While proving the correctness of the Bellman-Ford algorithm, we prove the following lemma:
After k (k >= 0) iterations of relaxations, for any node u that has at least one path from s (the start node) to u with at most k edges, the distance of from s to u is the smallest length of a path from s to u that contains at most k edges.
We prove this lemma using mathematical induction as follows:
- Base case: After 0 iteration, all distance values are infinity, but for s the distance is 0, which is correct!
- We assume the lemma is true for k iterations and now we have to prove it for k+1 iterations!
- Before k + 1th iteration, dist[u] (which is the distance of u, from s) is the smallest length of a path from s to u containing at most k edges. Each path from s to u goes through one of the incoming edges (v, u). Relaxing by (v, u) is comparing it with the smallest length of a path from s to u through v containing at most k + 1 edges -- this proves it!

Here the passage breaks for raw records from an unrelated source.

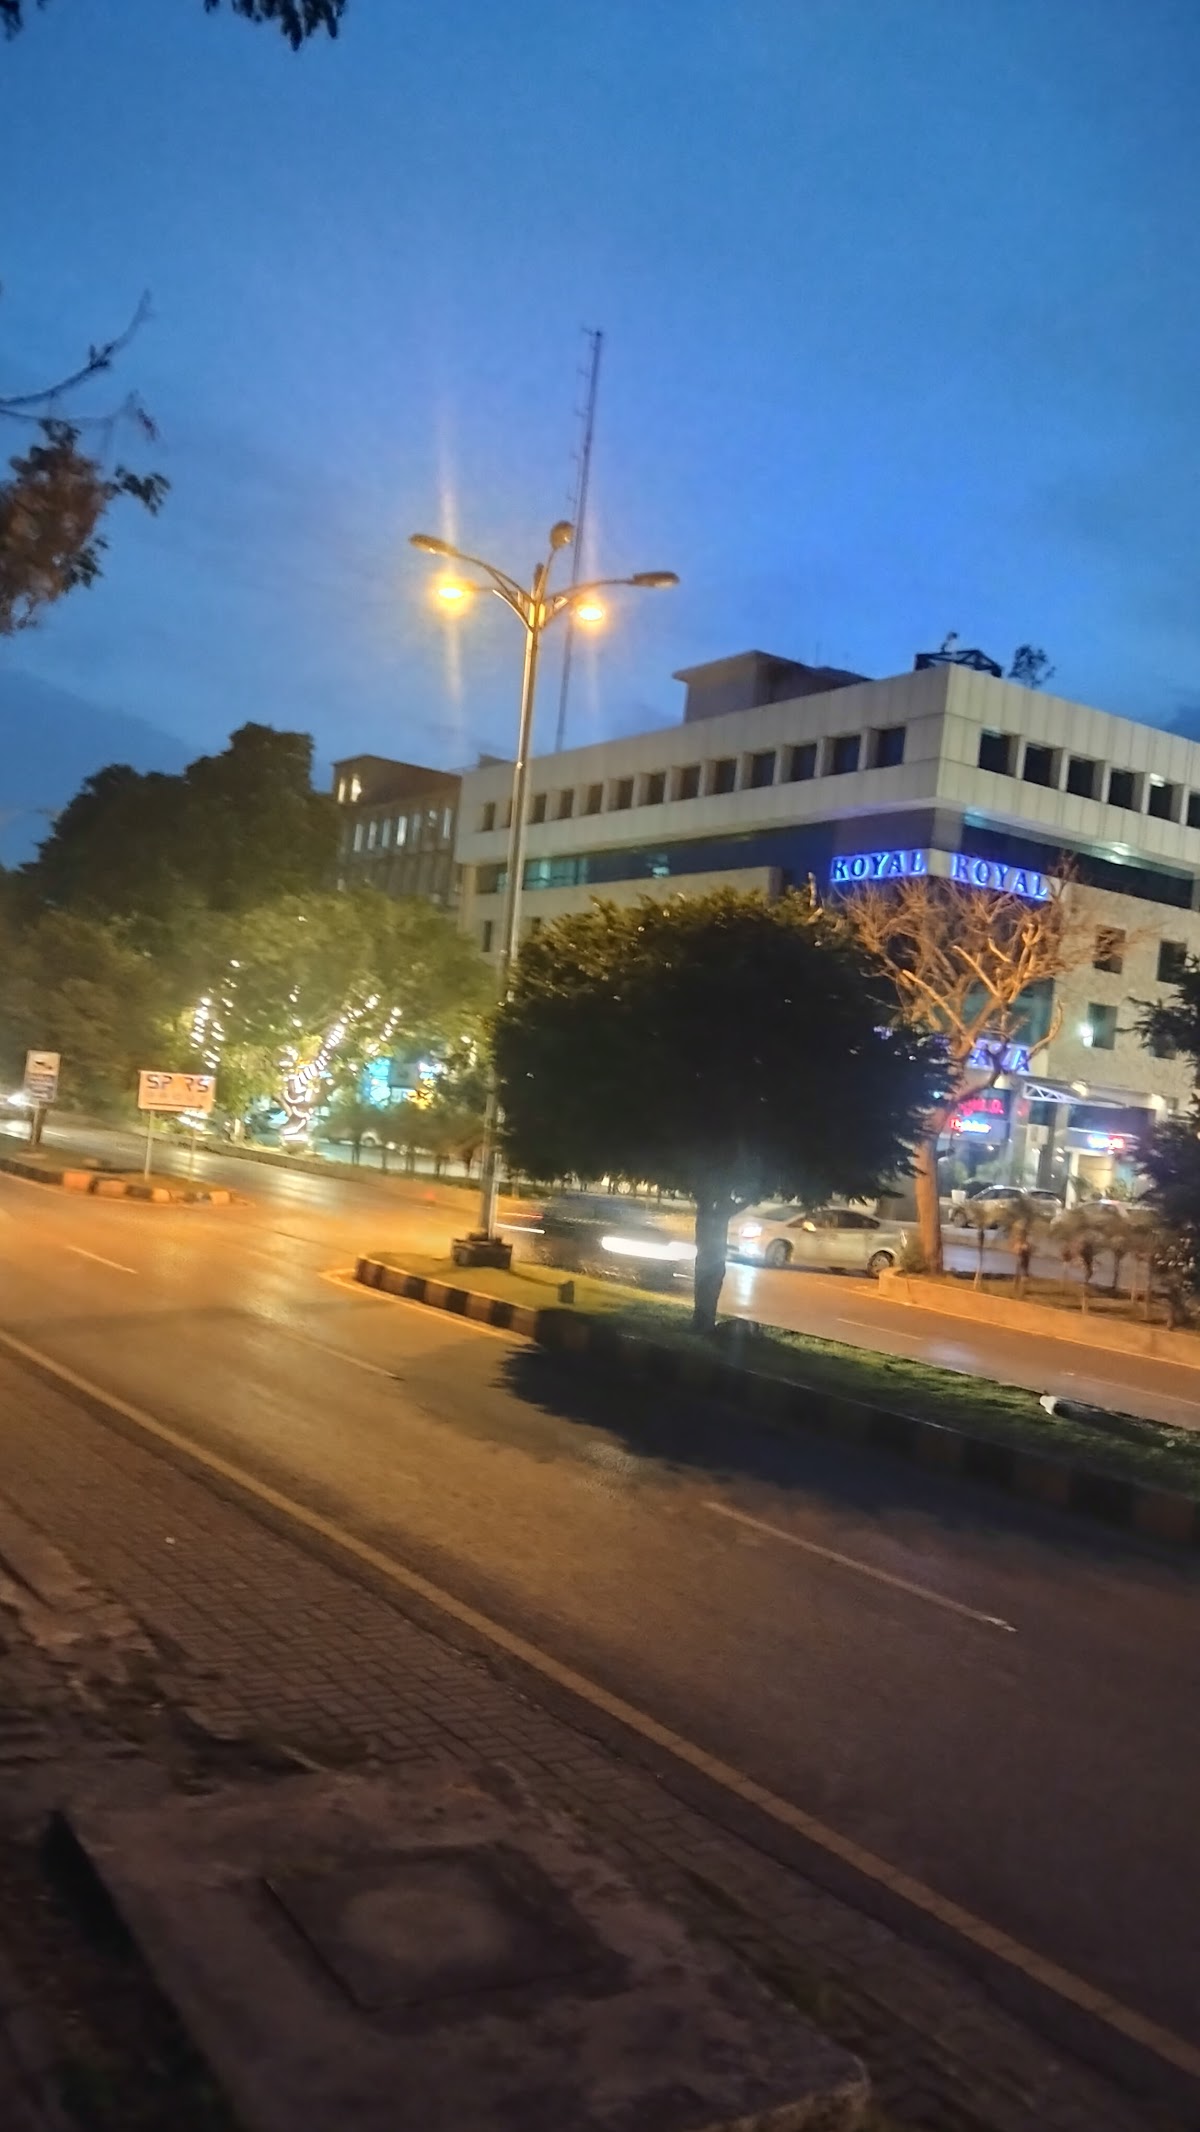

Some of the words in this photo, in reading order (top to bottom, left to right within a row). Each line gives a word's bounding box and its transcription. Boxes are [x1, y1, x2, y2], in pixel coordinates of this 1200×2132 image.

[832, 851, 926, 881] ROYAL
[952, 853, 1049, 899] ROYAL
[146, 1073, 210, 1093] SPRS
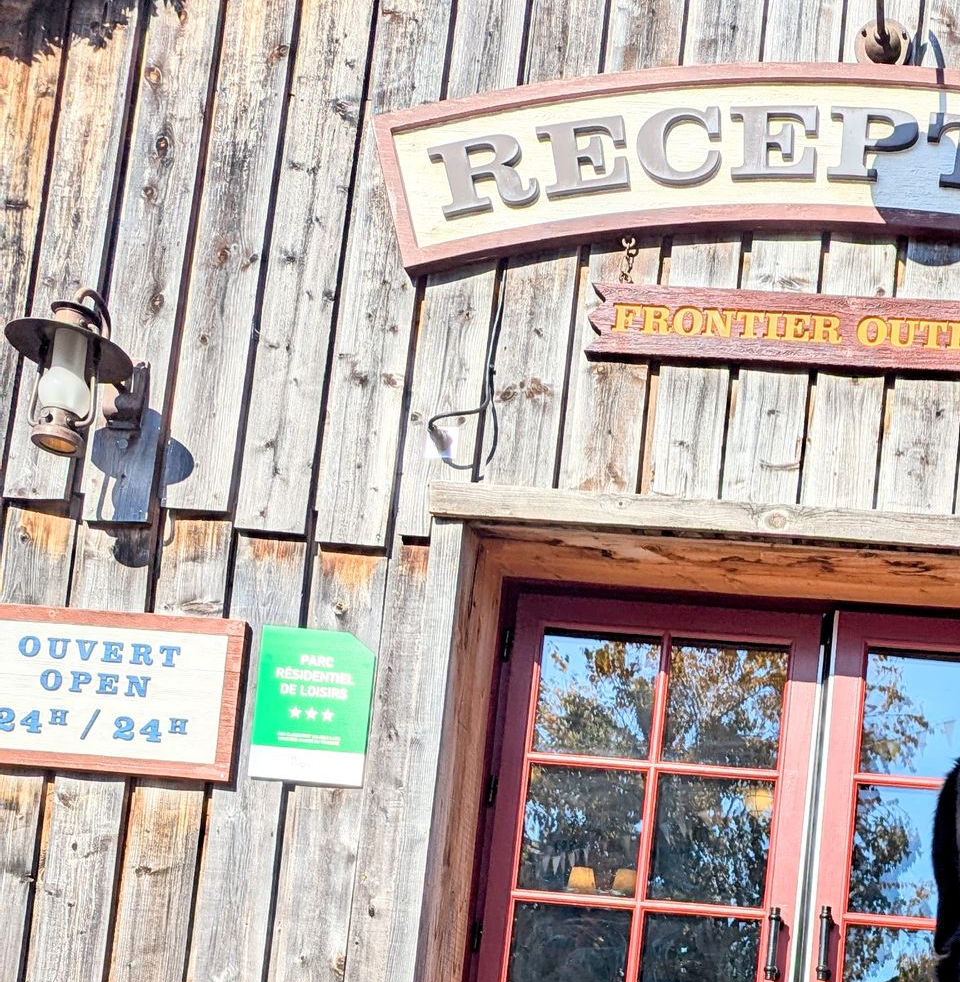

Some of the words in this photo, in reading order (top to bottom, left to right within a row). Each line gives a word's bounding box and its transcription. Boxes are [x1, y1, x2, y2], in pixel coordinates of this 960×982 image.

[611, 302, 842, 346] FRONTIER
[18, 635, 182, 667] OUVERT
[300, 653, 335, 668] PARC
[40, 668, 152, 698] OPEN
[275, 665, 355, 687] RÉSIDENTIEL
[280, 683, 297, 695] DE
[300, 684, 348, 700] LOISIRS
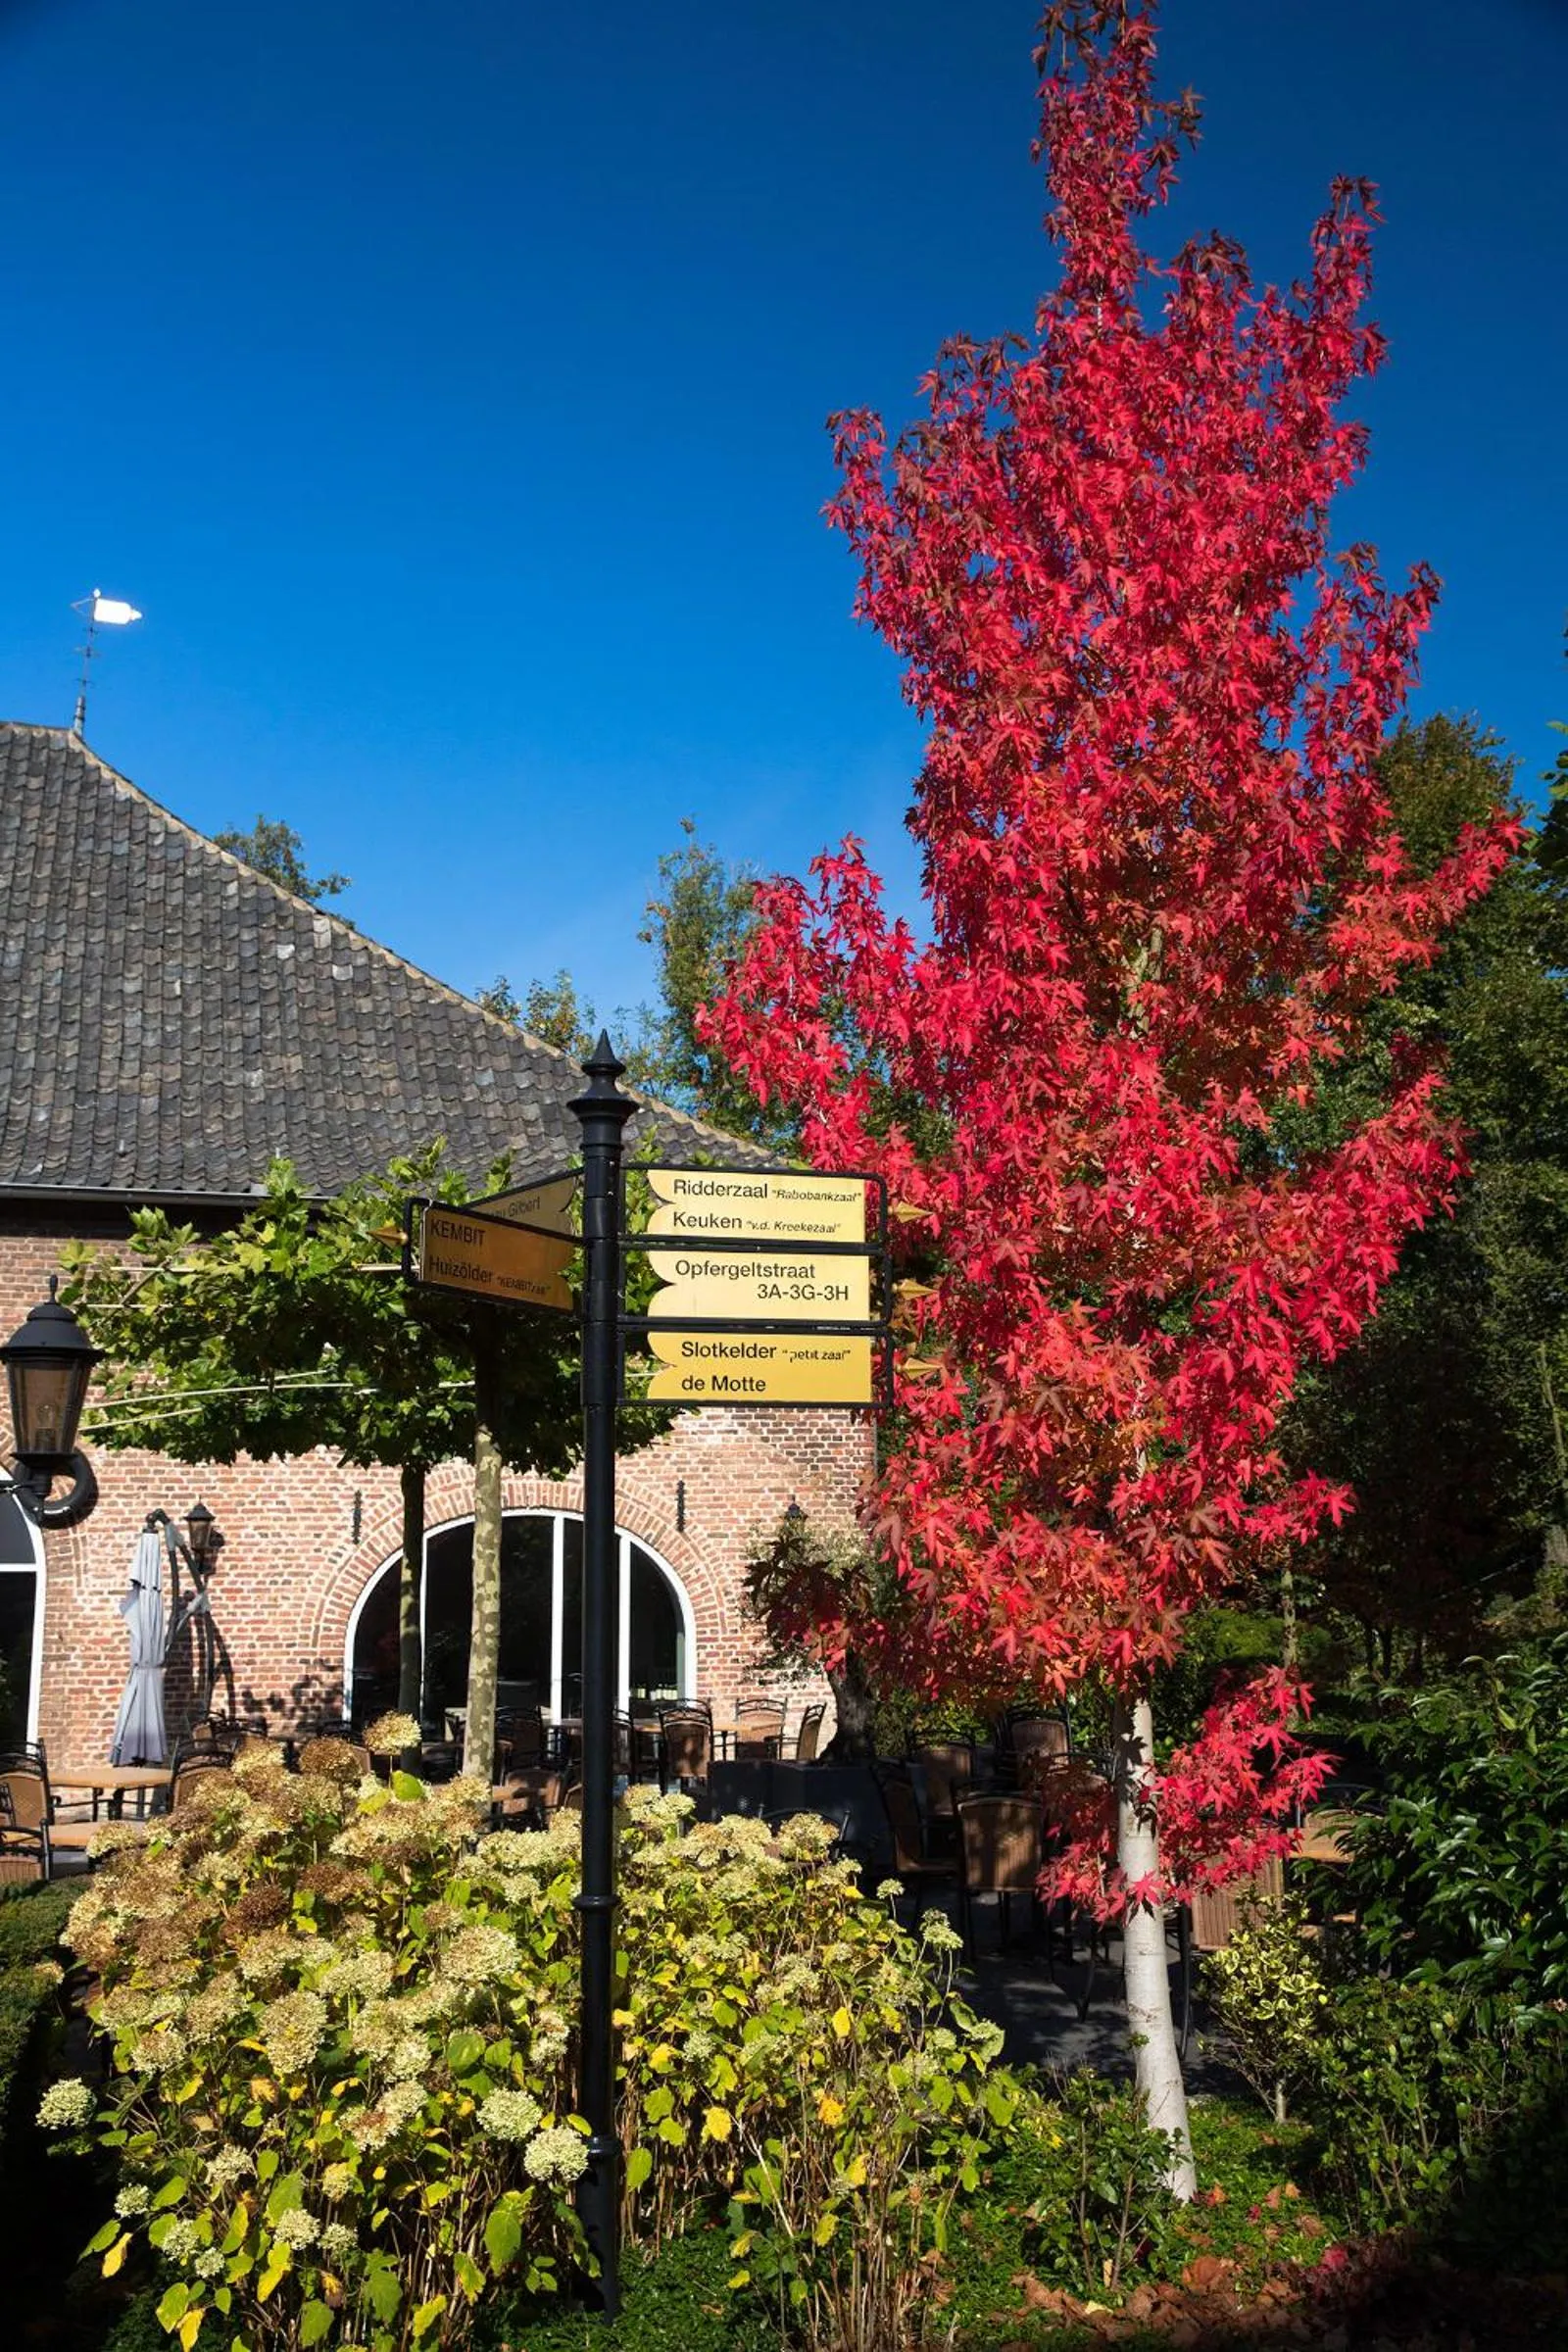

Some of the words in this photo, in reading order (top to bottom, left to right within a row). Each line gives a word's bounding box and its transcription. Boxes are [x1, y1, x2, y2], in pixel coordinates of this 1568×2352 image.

[673, 1178, 768, 1199] Ridderzaal
[673, 1211, 743, 1230] Keuken
[430, 1218, 486, 1247] KEMBIT
[675, 1259, 815, 1280] Opfergeltstraat
[757, 1284, 849, 1301] 3A-3G-3H
[681, 1341, 777, 1359] Slotkelder
[681, 1375, 706, 1392] de
[710, 1375, 766, 1393] Motte

Now, I have doubt in the 3rd point. Let us say that in the k+1-th iteration the node u has got a new distance after some edge relaxations, now according to the above lemma, this distance must be the shortest of the distances of all the paths with at most k+1 edges from s to u. Now, consider another node w, that has an edge to it, from u. Now, the length of the path form s to w via v will have at most k+2 edges, but if this edge is relaxed to reduce the dist[w], then in k+1-th iteration itself, we will have included a path (to w) that has almost k+2 edges right? Is it not a contradiction? Can it not happen?
To be more precise I am unable to reason the fact that, the lemma holds true throughout the k+1-th iteration -- I am not convinced with the 3rd step of the proof.
If someone can explain to me the 3rd step or whole proof more clearly, it would be really helpful! If someone can share a proof that does not use mathematical induction will also be really helpful!